##### DATA EXTRACT #####

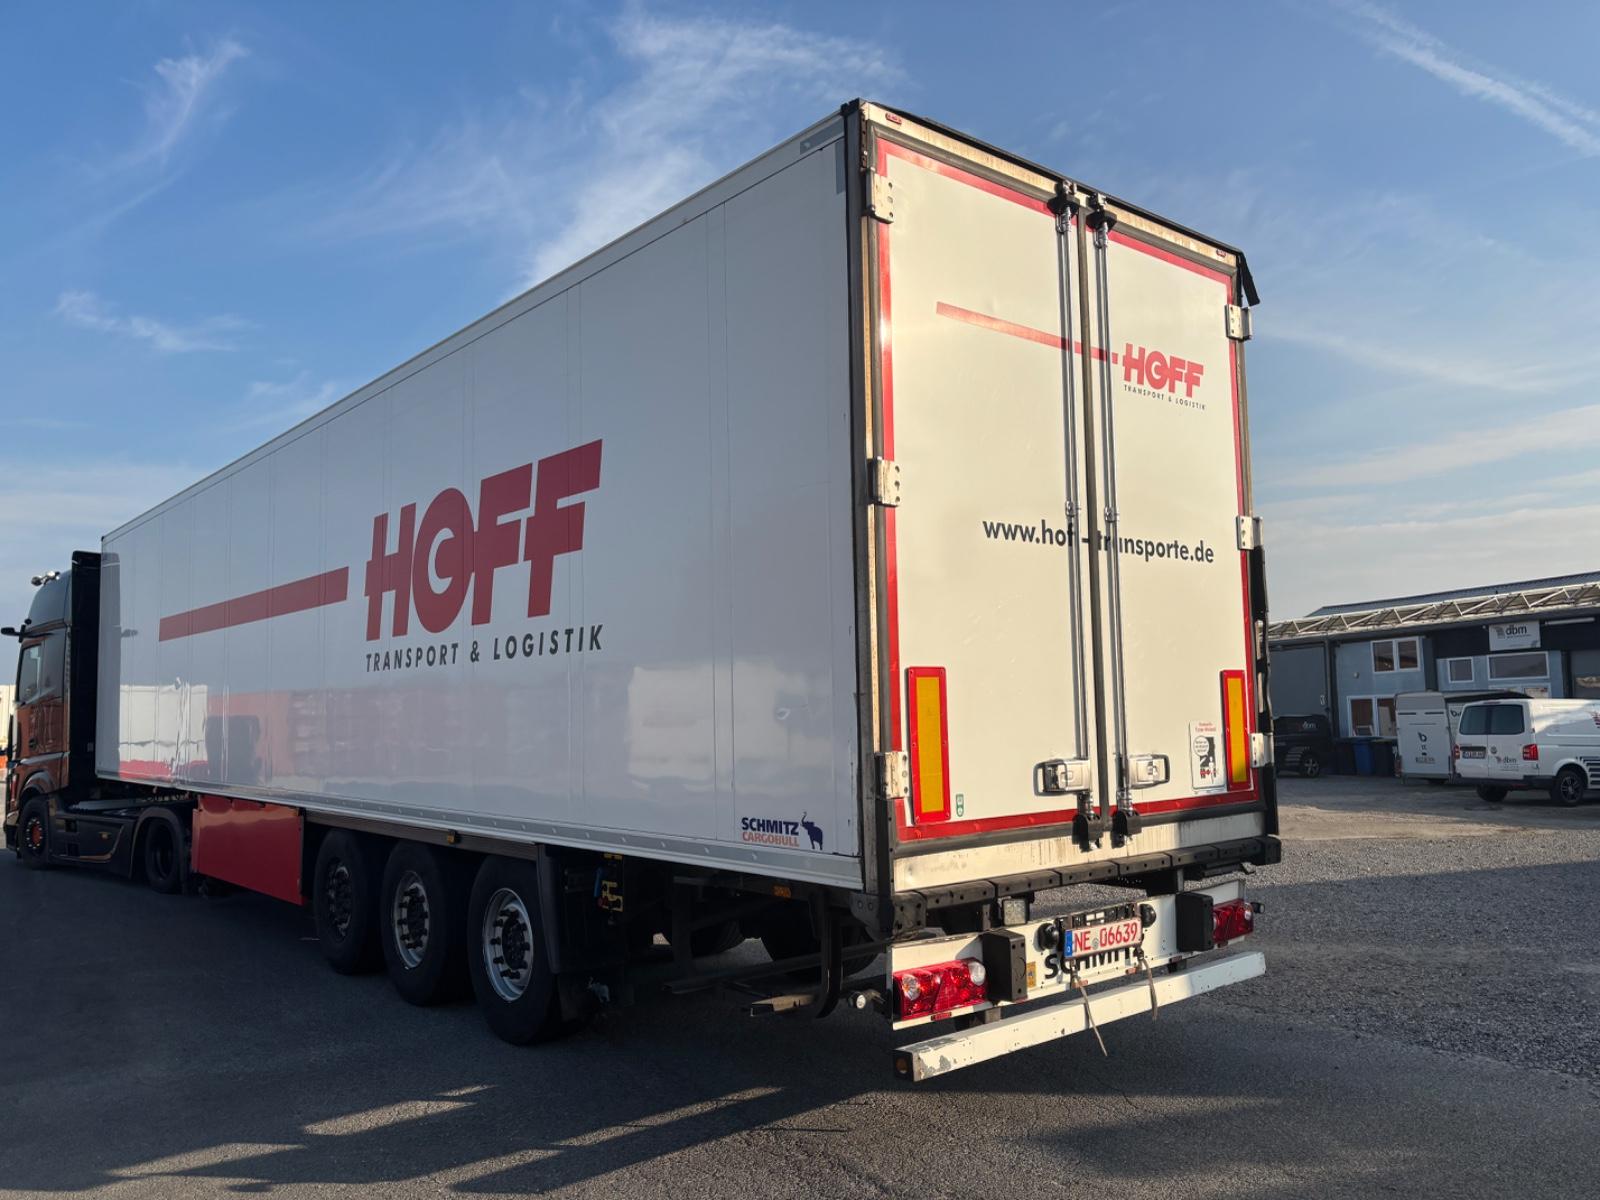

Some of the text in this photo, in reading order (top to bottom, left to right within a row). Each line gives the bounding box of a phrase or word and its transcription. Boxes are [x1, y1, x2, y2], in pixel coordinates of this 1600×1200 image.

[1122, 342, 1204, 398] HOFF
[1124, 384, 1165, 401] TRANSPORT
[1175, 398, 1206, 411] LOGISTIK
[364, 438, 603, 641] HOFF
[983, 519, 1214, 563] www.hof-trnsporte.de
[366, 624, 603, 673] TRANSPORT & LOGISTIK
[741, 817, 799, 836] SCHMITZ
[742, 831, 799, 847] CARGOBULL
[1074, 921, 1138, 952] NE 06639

#####

• **WORK ORDER**
An exact copy of every record above is required, with all pictures omitted.

• **COMPLETED EXERCISE**
Some of the text in this photo, in reading order (top to bottom, left to right within a row). Each line gives the bounding box of a phrase or word and its transcription. Boxes are [x1, y1, x2, y2], in pixel coordinates of this 1600×1200 image.

[1122, 342, 1204, 398] HOFF
[1124, 384, 1165, 401] TRANSPORT
[1175, 398, 1206, 411] LOGISTIK
[364, 438, 603, 641] HOFF
[983, 519, 1214, 563] www.hof-trnsporte.de
[366, 624, 603, 673] TRANSPORT & LOGISTIK
[741, 817, 799, 836] SCHMITZ
[742, 831, 799, 847] CARGOBULL
[1074, 921, 1138, 952] NE 06639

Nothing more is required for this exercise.